Picture this: you have a reliable AWS stack built with CDK, but your long‑running business processes stall. Deploys are atomic, yet workflows are anything but. That’s where Temporal enters the story, orchestrating distributed tasks that live through crashes, retries, and inevitable chaos. The challenge is wiring these two worlds without turning your infrastructure into a spaghetti chart.
AWS CDK gives you infrastructure as code that actually feels like code—typed, testable, versioned. Temporal, on the other hand, manages workflows and state so your app logic stays clean and resilient. Together they form a control plane for reality. The integration is not about magic, it is about visibility and trust between ephemeral pods and persistent logic.

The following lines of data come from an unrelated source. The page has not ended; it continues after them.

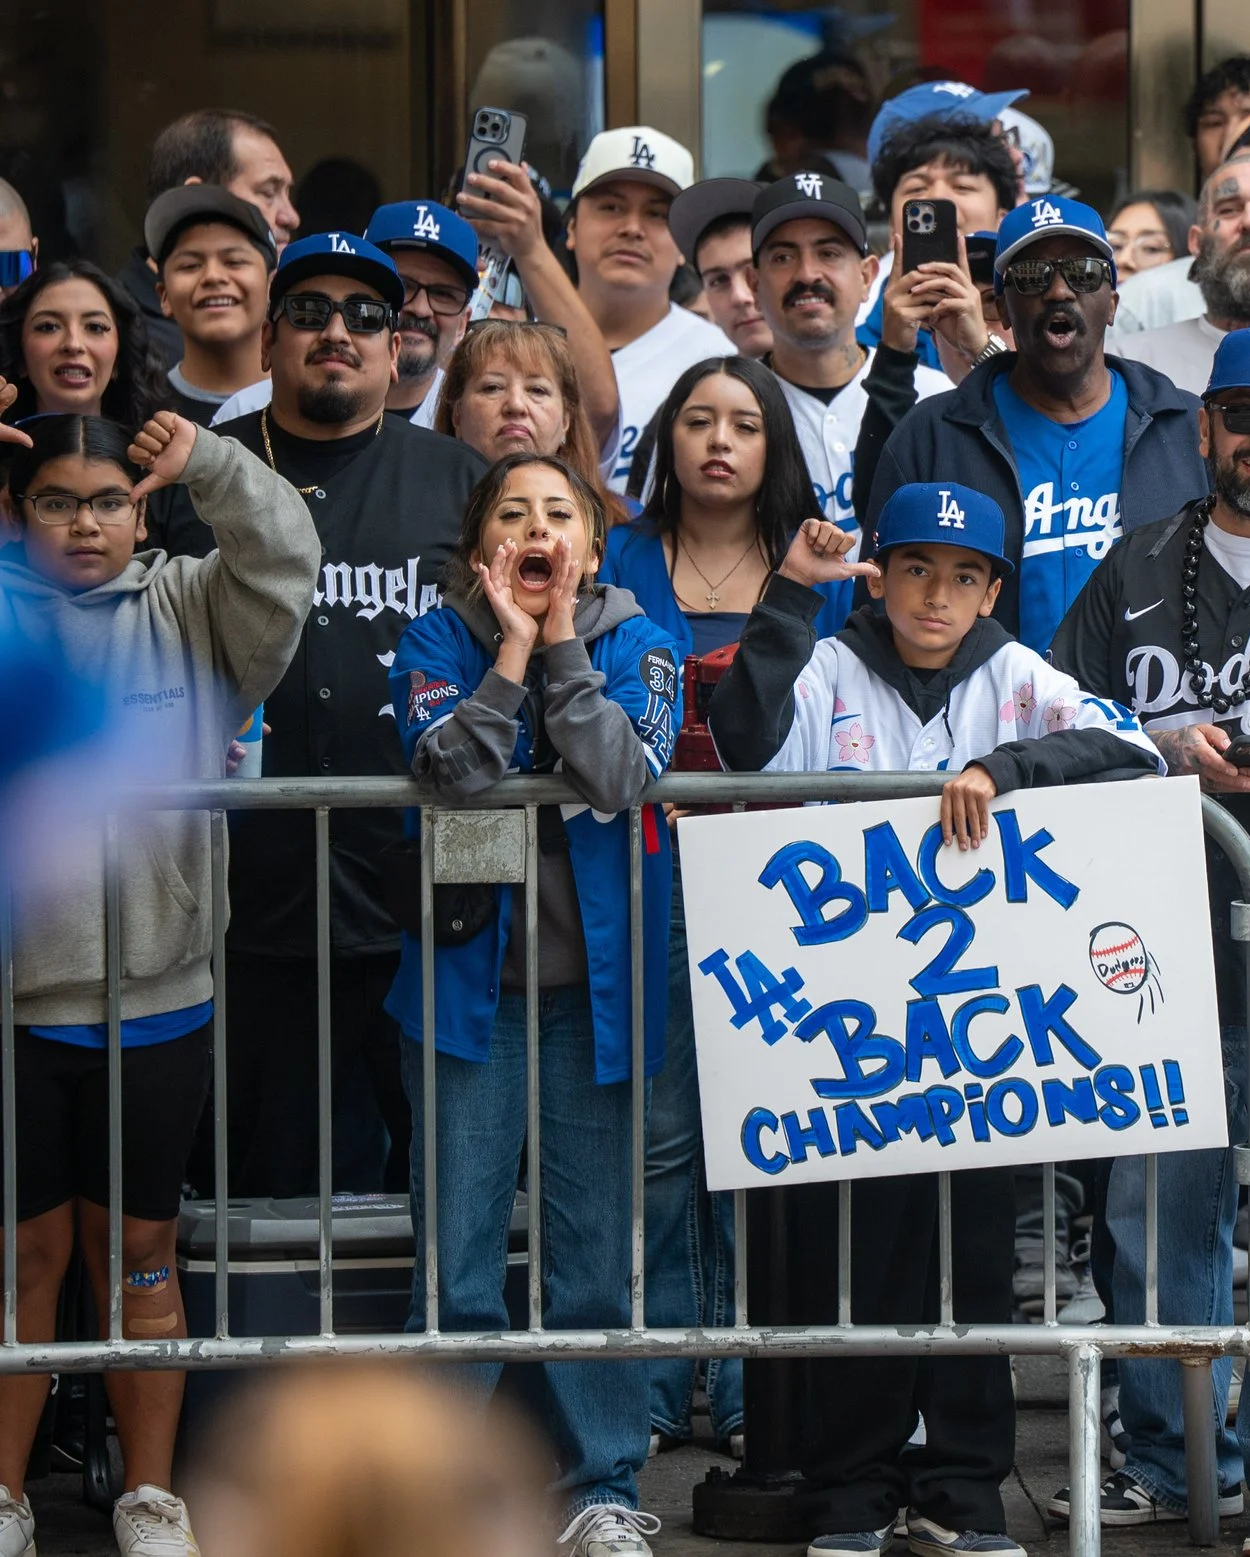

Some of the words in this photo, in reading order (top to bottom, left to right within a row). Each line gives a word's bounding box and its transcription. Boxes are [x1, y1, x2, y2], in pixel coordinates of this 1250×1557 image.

[630, 136, 655, 168] LA
[413, 205, 440, 241] LA
[1031, 199, 1064, 228] LA
[328, 233, 356, 255] LA
[936, 490, 965, 529] LA
[312, 555, 444, 622] ngele
[647, 654, 676, 675] FERNANDO
[122, 686, 185, 706] ESSENTIALS
[649, 666, 675, 702] 34
[414, 704, 431, 721] LA
[757, 808, 1082, 948] BACK
[895, 902, 1000, 998] 2
[697, 948, 813, 1047] LA
[792, 983, 1103, 1100] BACK
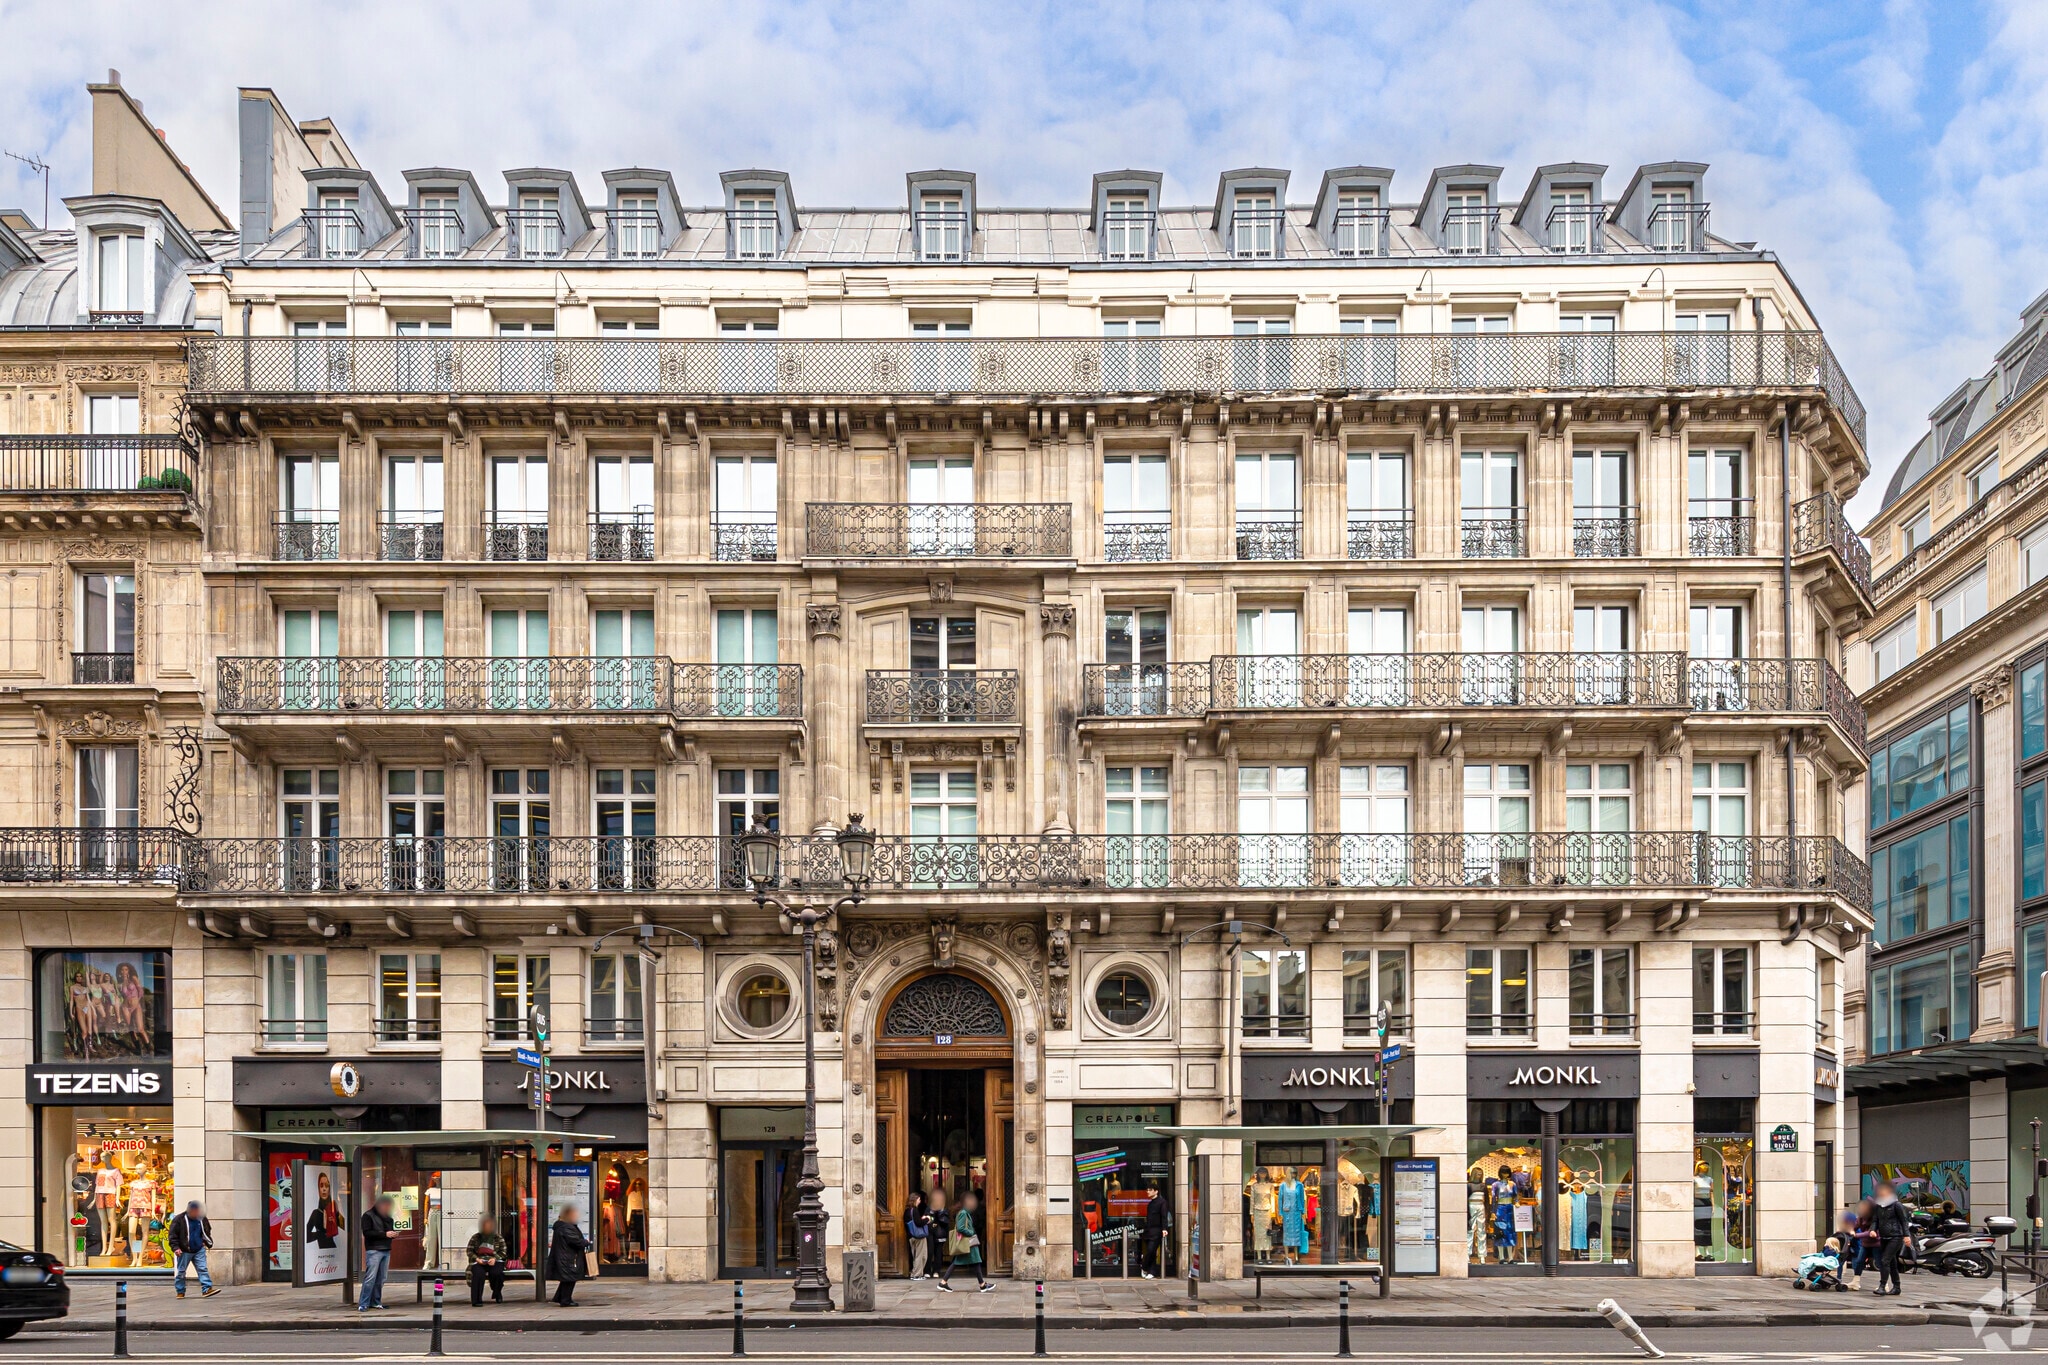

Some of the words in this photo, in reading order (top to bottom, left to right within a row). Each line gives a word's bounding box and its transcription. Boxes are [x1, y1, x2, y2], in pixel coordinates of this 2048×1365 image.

[536, 1012, 546, 1026] BUS
[1378, 1008, 1386, 1022] BUS
[937, 1036, 951, 1044] 128
[1282, 1067, 1375, 1086] MONKI
[1509, 1066, 1601, 1084] MONKI
[102, 1140, 146, 1151] HARIBO
[395, 1217, 411, 1228] eal
[1091, 1232, 1104, 1240] MA
[1105, 1224, 1137, 1236] PASSON,
[314, 1262, 338, 1274] Cartier

Connecting AWS CDK and Temporal means defining your Temporal cluster resources directly in CDK: networking, compute, secrets, queues, and security contexts. This ensures deployments stay consistent across environments. Your workers register with Temporal through a service account or IAM role, authenticated by OIDC or AWS IAM delegated credentials. No hardcoded keys, no mystery configs. CDK simply declares what should exist, and Temporal knows exactly where to find it.
A typical deployment pipeline runs CDK synth and deploy stages alongside Temporal namespace updates. The Temporal SDK connects back to AWS services through IAM roles assumed on workflow execution. That removes the need for manual credentials and keeps compliance folks happy—SOC 2 approval friendly. Each run lives under identity and access rules you can actually audit.
When something drifts—an expired key, an unnoticed region change—CDK detects it, rebuilds, and reconciles in minutes. Temporal’s event history then resumes from where it left off. It is like having a self‑healing ops notebook that remembers everything for you.